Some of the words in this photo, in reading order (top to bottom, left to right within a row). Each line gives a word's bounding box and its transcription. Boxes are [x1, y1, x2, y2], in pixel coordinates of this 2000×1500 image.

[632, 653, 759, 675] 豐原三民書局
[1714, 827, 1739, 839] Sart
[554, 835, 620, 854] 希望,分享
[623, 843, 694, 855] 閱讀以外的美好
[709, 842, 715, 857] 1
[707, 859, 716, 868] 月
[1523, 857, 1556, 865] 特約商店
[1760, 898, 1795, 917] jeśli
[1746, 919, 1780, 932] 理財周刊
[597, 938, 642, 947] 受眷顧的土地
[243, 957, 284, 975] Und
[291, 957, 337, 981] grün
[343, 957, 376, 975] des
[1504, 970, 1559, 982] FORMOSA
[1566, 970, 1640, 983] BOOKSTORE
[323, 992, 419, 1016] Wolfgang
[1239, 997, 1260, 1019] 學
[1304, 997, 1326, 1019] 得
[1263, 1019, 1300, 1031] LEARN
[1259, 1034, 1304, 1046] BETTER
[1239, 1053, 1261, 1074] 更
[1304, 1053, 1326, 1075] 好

Your objective: Reproduce, please, every line of the records above without alteration.

Response area:
Some of the words in this photo, in reading order (top to bottom, left to right within a row). Each line gives a word's bounding box and its transcription. Boxes are [x1, y1, x2, y2], in pixel coordinates of this 2000×1500 image.

[632, 653, 759, 675] 豐原三民書局
[1714, 827, 1739, 839] Sart
[554, 835, 620, 854] 希望,分享
[623, 843, 694, 855] 閱讀以外的美好
[709, 842, 715, 857] 1
[707, 859, 716, 868] 月
[1523, 857, 1556, 865] 特約商店
[1760, 898, 1795, 917] jeśli
[1746, 919, 1780, 932] 理財周刊
[597, 938, 642, 947] 受眷顧的土地
[243, 957, 284, 975] Und
[291, 957, 337, 981] grün
[343, 957, 376, 975] des
[1504, 970, 1559, 982] FORMOSA
[1566, 970, 1640, 983] BOOKSTORE
[323, 992, 419, 1016] Wolfgang
[1239, 997, 1260, 1019] 學
[1304, 997, 1326, 1019] 得
[1263, 1019, 1300, 1031] LEARN
[1259, 1034, 1304, 1046] BETTER
[1239, 1053, 1261, 1074] 更
[1304, 1053, 1326, 1075] 好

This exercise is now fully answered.